§ **TASK STATEMENT**
Line by line, copy out the entries exactly and leave the pictures behind.

§ **SUPPLIED INFORMATION**
# # # # # # #

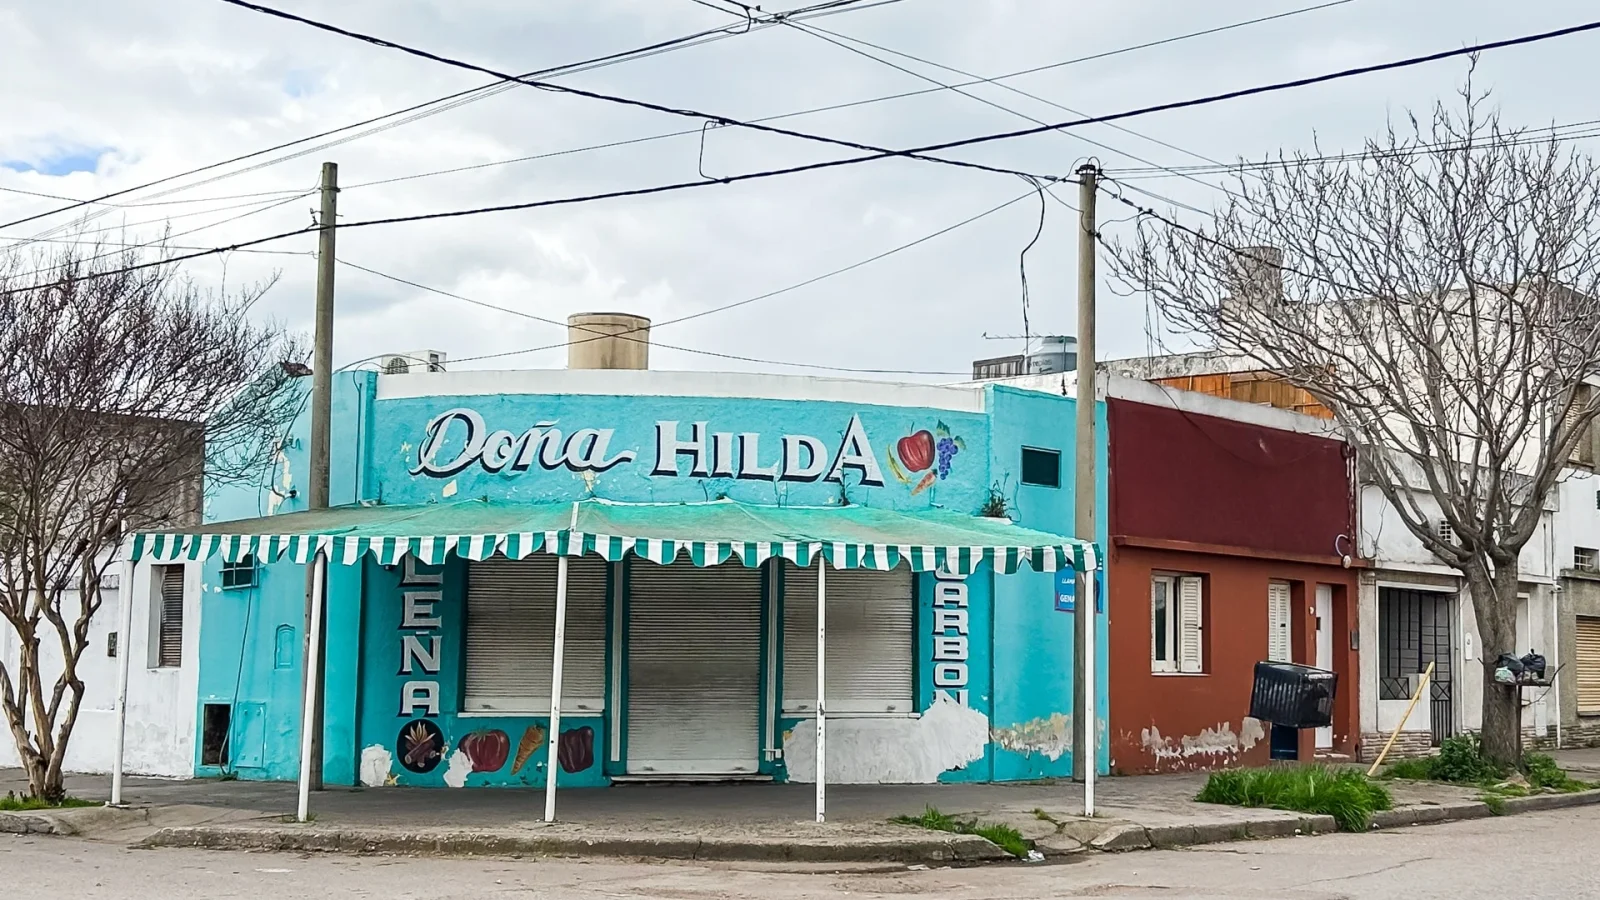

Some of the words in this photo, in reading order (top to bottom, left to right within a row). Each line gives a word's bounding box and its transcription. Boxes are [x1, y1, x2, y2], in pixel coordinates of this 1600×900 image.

[408, 408, 637, 478] Doña
[649, 412, 884, 487] HILDA
[397, 550, 443, 717] LEÑA
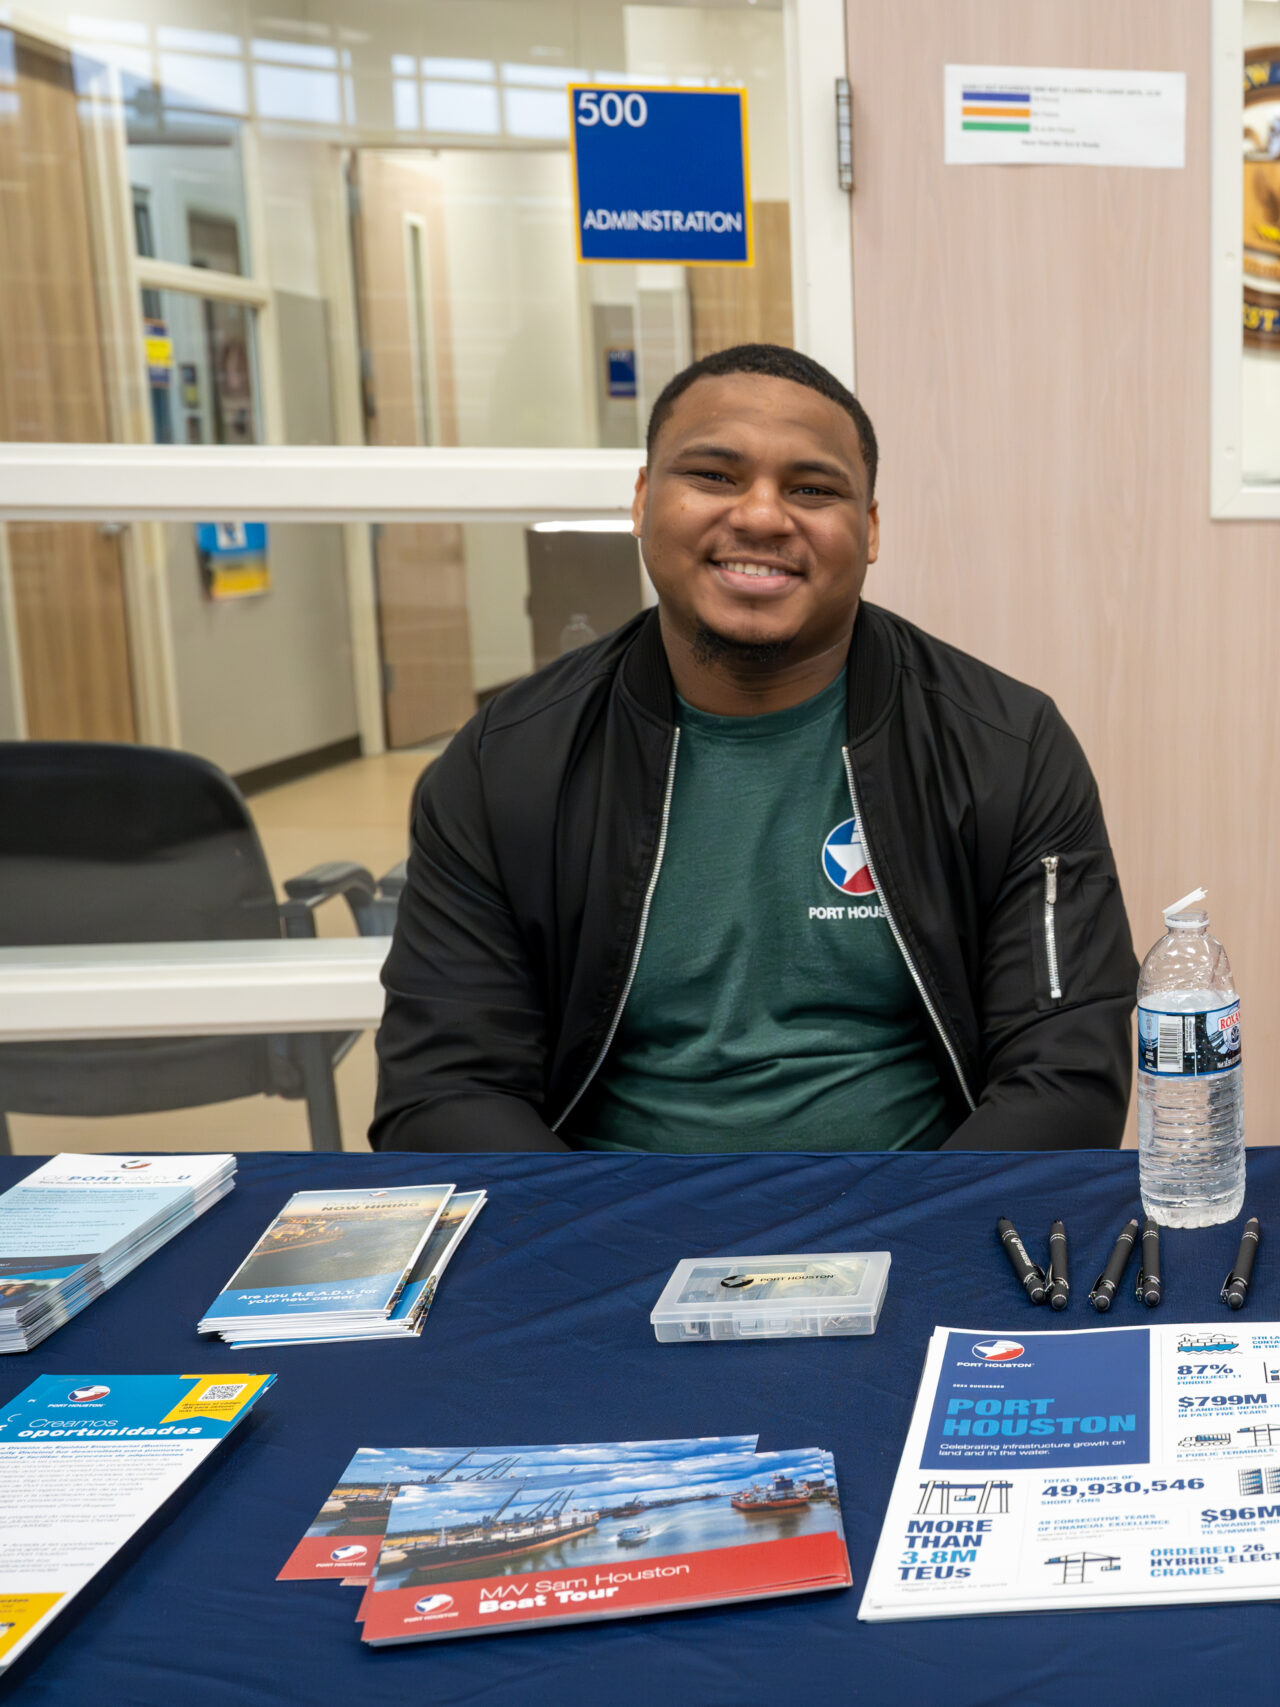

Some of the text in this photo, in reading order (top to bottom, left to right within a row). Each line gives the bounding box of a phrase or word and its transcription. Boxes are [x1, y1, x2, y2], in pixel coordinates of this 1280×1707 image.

[577, 92, 648, 127] 500
[583, 209, 743, 233] ADMINISTRATION
[808, 906, 845, 919] PORT
[322, 1204, 360, 1212] NOW
[364, 1202, 420, 1210] HIRING
[247, 1298, 278, 1306] your
[315, 1293, 363, 1301] career?
[264, 1293, 288, 1301] you
[1177, 1363, 1234, 1375] 87%
[946, 1398, 1055, 1416] PORT
[1178, 1393, 1268, 1408] $799M
[29, 1418, 119, 1428] Creamos
[942, 1414, 1136, 1437] HOUSTON
[18, 1425, 202, 1438] oportunidades
[940, 1442, 1000, 1450] Celebrating
[1002, 1441, 1071, 1449] infrastructure
[1073, 1439, 1109, 1448] growth
[1041, 1478, 1205, 1499] 49,930,546
[907, 1519, 993, 1534] MORE
[1053, 1523, 1103, 1531] FINANCIAL
[1105, 1520, 1171, 1528] EXCELLENCE
[1054, 1516, 1120, 1525] CONSECUTIVE
[1214, 1520, 1256, 1528] AWARDS
[904, 1534, 983, 1549] THAN
[1150, 1543, 1265, 1557] ORDERED 26
[900, 1549, 978, 1565] 3.8M
[897, 1566, 972, 1581] TEUs
[1150, 1565, 1225, 1577] CRANES
[534, 1577, 587, 1592] Sam
[594, 1564, 690, 1586] Houston
[478, 1585, 620, 1614] Boat Tour
[403, 1611, 460, 1624] PORT HOUSTON
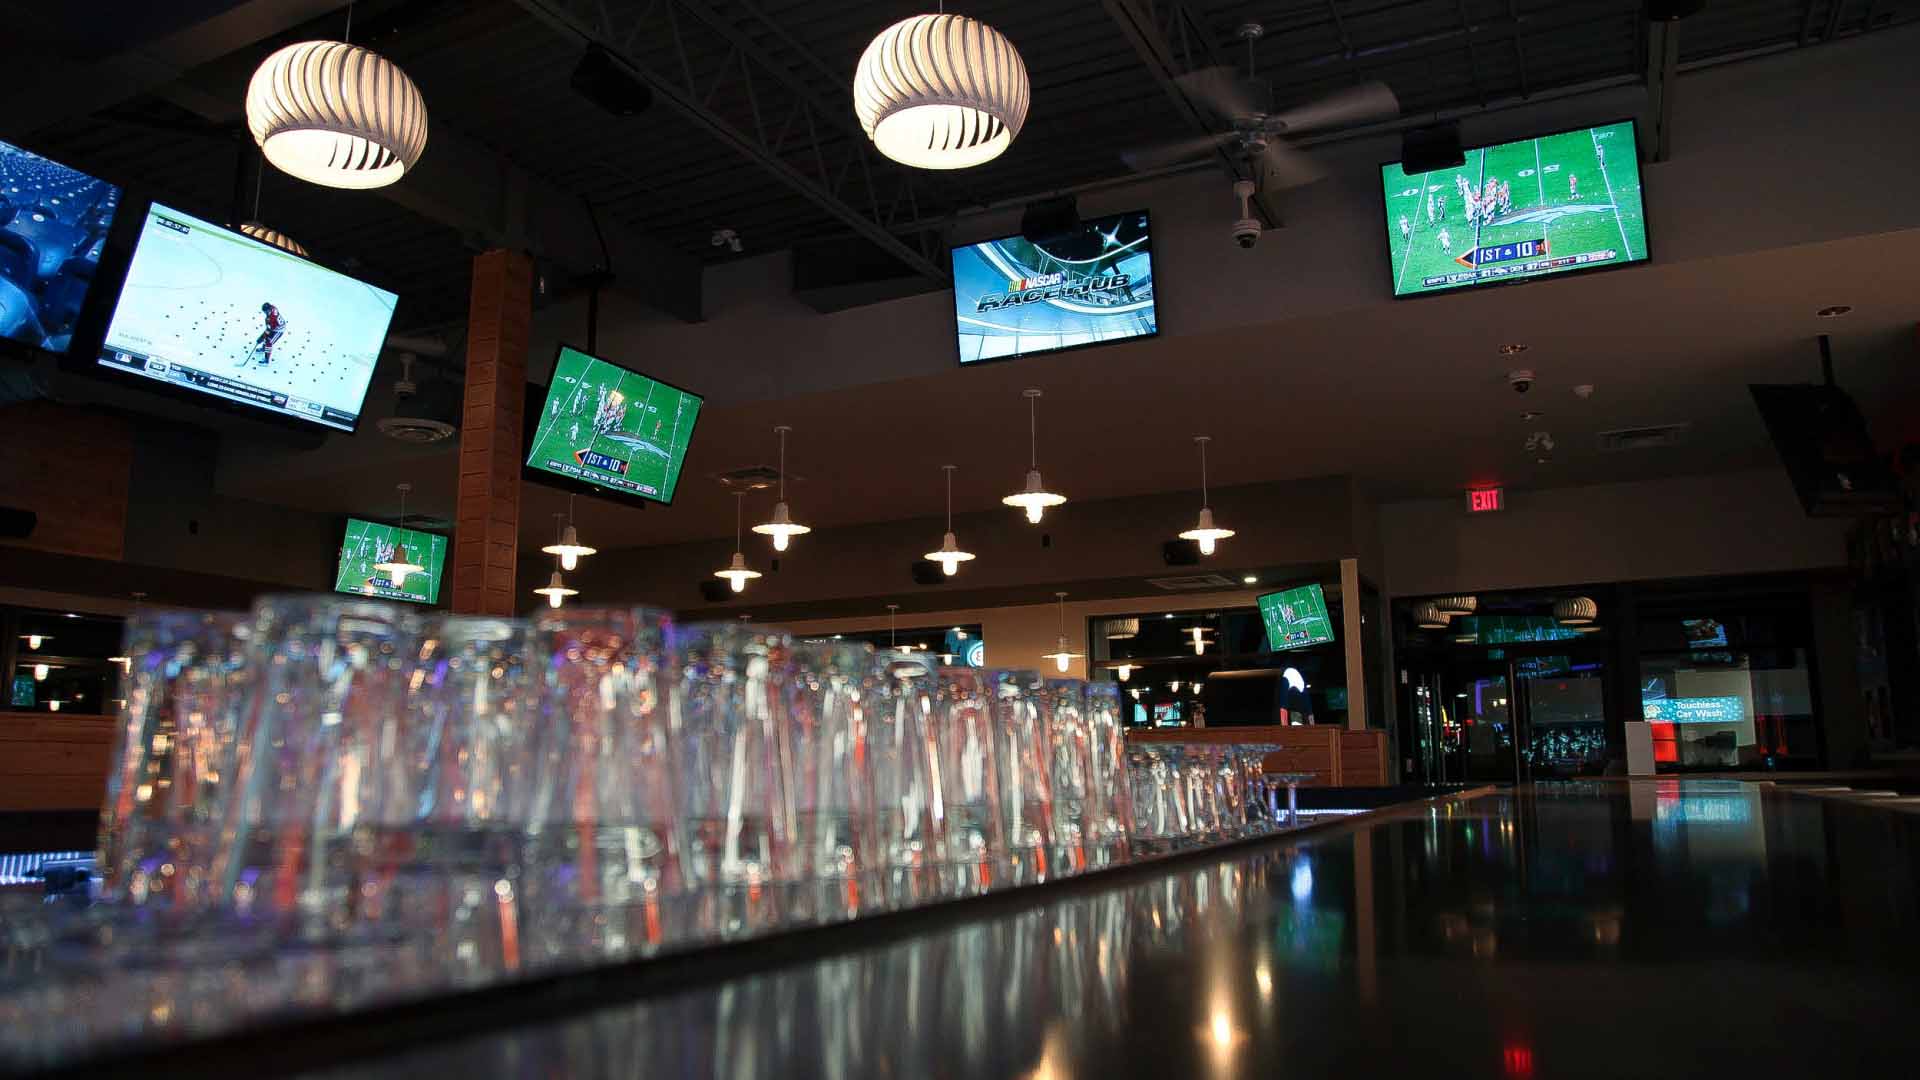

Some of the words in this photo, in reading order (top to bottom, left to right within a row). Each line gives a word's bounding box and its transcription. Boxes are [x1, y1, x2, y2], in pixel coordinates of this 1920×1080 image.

# # # # # # #

§ **ANSWER TO THIS TASK**
Some of the words in this photo, in reading order (top to bottom, left to right within a row). Each line gives a word's bounding box and its transcription. Boxes are [x1, y1, x2, y2], in pixel coordinates of this 1600×900 image.

[408, 408, 637, 478] Doña
[649, 412, 884, 487] HILDA
[397, 550, 443, 717] LEÑA

Some of the text in this photo, in reading order (top to bottom, left to right within a row). Each line gives the bounding box of a phrase or word and its transcription. Boxes are [x1, y1, x2, y2], in pixel coordinates of this 1280×1707 image.

[577, 92, 648, 127] 500
[583, 209, 743, 233] ADMINISTRATION
[808, 906, 845, 919] PORT
[322, 1204, 360, 1212] NOW
[364, 1202, 420, 1210] HIRING
[247, 1298, 278, 1306] your
[315, 1293, 363, 1301] career?
[264, 1293, 288, 1301] you
[1177, 1363, 1234, 1375] 87%
[946, 1398, 1055, 1416] PORT
[1178, 1393, 1268, 1408] $799M
[29, 1418, 119, 1428] Creamos
[942, 1414, 1136, 1437] HOUSTON
[18, 1425, 202, 1438] oportunidades
[940, 1442, 1000, 1450] Celebrating
[1002, 1441, 1071, 1449] infrastructure
[1073, 1439, 1109, 1448] growth
[1041, 1478, 1205, 1499] 49,930,546
[907, 1519, 993, 1534] MORE
[1053, 1523, 1103, 1531] FINANCIAL
[1105, 1520, 1171, 1528] EXCELLENCE
[1054, 1516, 1120, 1525] CONSECUTIVE
[1214, 1520, 1256, 1528] AWARDS
[904, 1534, 983, 1549] THAN
[1150, 1543, 1265, 1557] ORDERED 26
[900, 1549, 978, 1565] 3.8M
[897, 1566, 972, 1581] TEUs
[1150, 1565, 1225, 1577] CRANES
[534, 1577, 587, 1592] Sam
[594, 1564, 690, 1586] Houston
[478, 1585, 620, 1614] Boat Tour
[403, 1611, 460, 1624] PORT HOUSTON

Some of the words in this photo, in reading order (top to bottom, left to right within a row). Each line gives a word's bounding box and its transcription. Boxes are [x1, y1, x2, y2], in pixel coordinates of this 1920×1080 image.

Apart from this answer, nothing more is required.